--- START ---

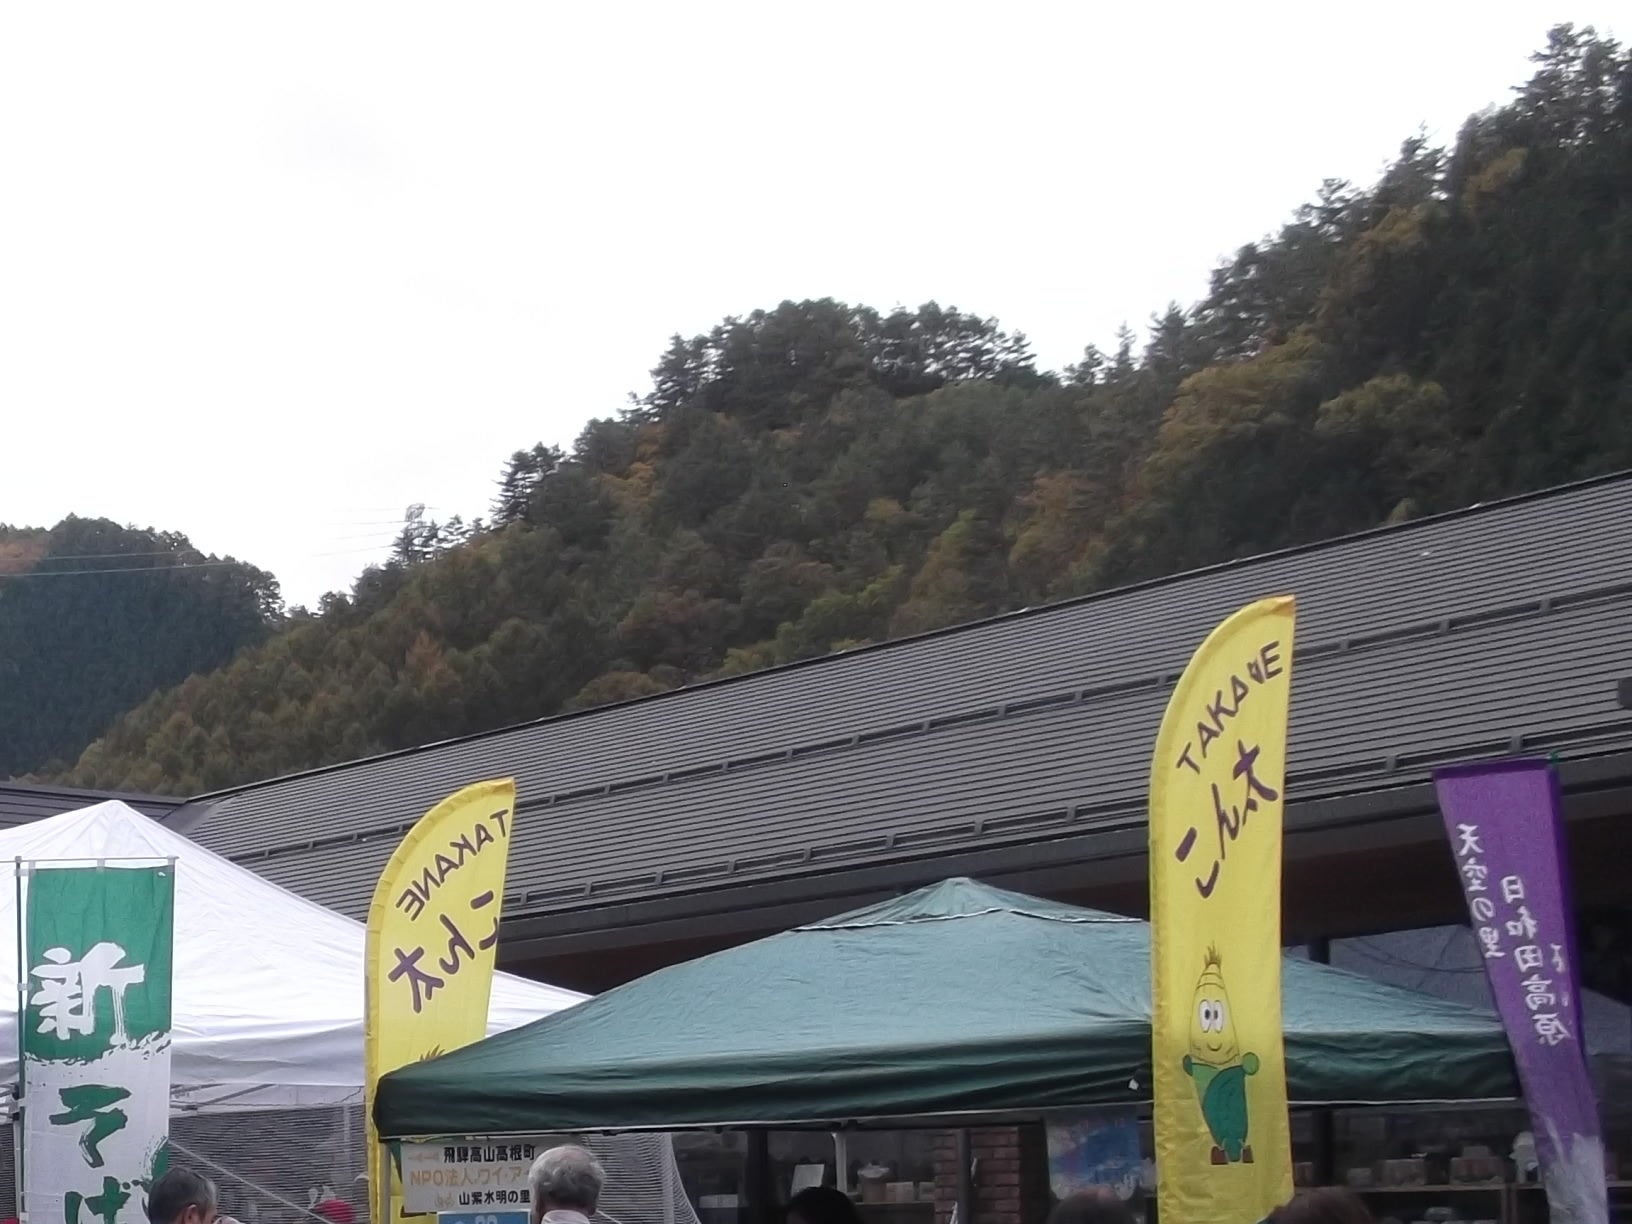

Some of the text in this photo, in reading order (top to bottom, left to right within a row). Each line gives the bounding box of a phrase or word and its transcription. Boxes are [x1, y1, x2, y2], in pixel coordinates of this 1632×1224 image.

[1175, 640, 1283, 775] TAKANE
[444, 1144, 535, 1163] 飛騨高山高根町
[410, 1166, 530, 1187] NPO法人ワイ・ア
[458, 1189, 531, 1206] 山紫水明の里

--- END ---

WORK TASK:
Each line of the listing above belongs in the answer exactly as written; the pictures do not.

YOUR SOLUTION:
Some of the text in this photo, in reading order (top to bottom, left to right within a row). Each line gives the bounding box of a phrase or word and its transcription. Boxes are [x1, y1, x2, y2], in pixel coordinates of this 1632×1224 image.

[1175, 640, 1283, 775] TAKANE
[444, 1144, 535, 1163] 飛騨高山高根町
[410, 1166, 530, 1187] NPO法人ワイ・ア
[458, 1189, 531, 1206] 山紫水明の里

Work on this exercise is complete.